··· Records supplied
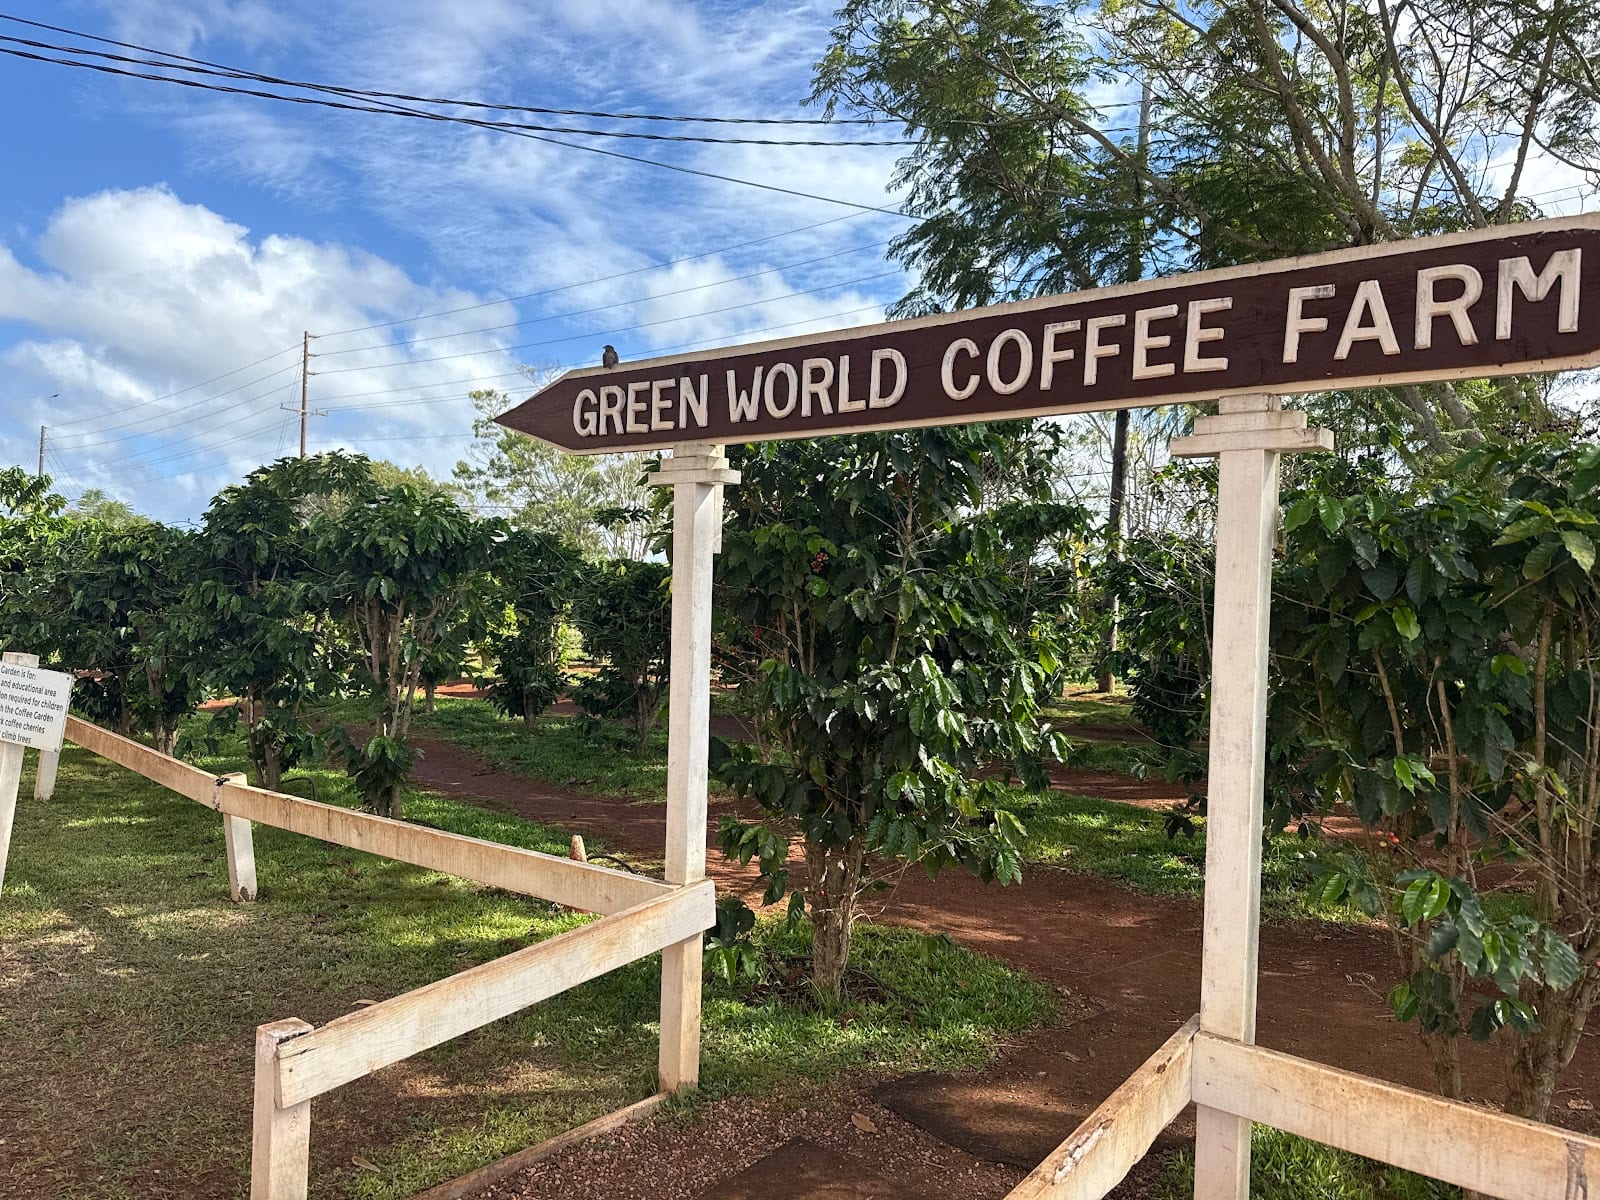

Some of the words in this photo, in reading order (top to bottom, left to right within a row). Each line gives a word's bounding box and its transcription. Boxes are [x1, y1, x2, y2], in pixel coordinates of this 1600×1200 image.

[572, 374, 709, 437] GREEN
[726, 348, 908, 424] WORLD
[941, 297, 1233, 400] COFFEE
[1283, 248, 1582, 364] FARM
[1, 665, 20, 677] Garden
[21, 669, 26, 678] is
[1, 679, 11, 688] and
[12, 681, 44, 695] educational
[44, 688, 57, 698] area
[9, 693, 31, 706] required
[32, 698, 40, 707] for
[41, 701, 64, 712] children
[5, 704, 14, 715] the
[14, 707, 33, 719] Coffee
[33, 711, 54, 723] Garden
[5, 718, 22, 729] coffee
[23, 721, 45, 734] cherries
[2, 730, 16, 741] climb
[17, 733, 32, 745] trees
······
**Directions for this task**
Every record gets retyped exactly; no picture goes into the copy.

**Response box**
Some of the words in this photo, in reading order (top to bottom, left to right within a row). Each line gives a word's bounding box and its transcription. Boxes are [x1, y1, x2, y2], in pixel coordinates of this 1600×1200 image.

[572, 374, 709, 437] GREEN
[726, 348, 908, 424] WORLD
[941, 297, 1233, 400] COFFEE
[1283, 248, 1582, 364] FARM
[1, 665, 20, 677] Garden
[21, 669, 26, 678] is
[1, 679, 11, 688] and
[12, 681, 44, 695] educational
[44, 688, 57, 698] area
[9, 693, 31, 706] required
[32, 698, 40, 707] for
[41, 701, 64, 712] children
[5, 704, 14, 715] the
[14, 707, 33, 719] Coffee
[33, 711, 54, 723] Garden
[5, 718, 22, 729] coffee
[23, 721, 45, 734] cherries
[2, 730, 16, 741] climb
[17, 733, 32, 745] trees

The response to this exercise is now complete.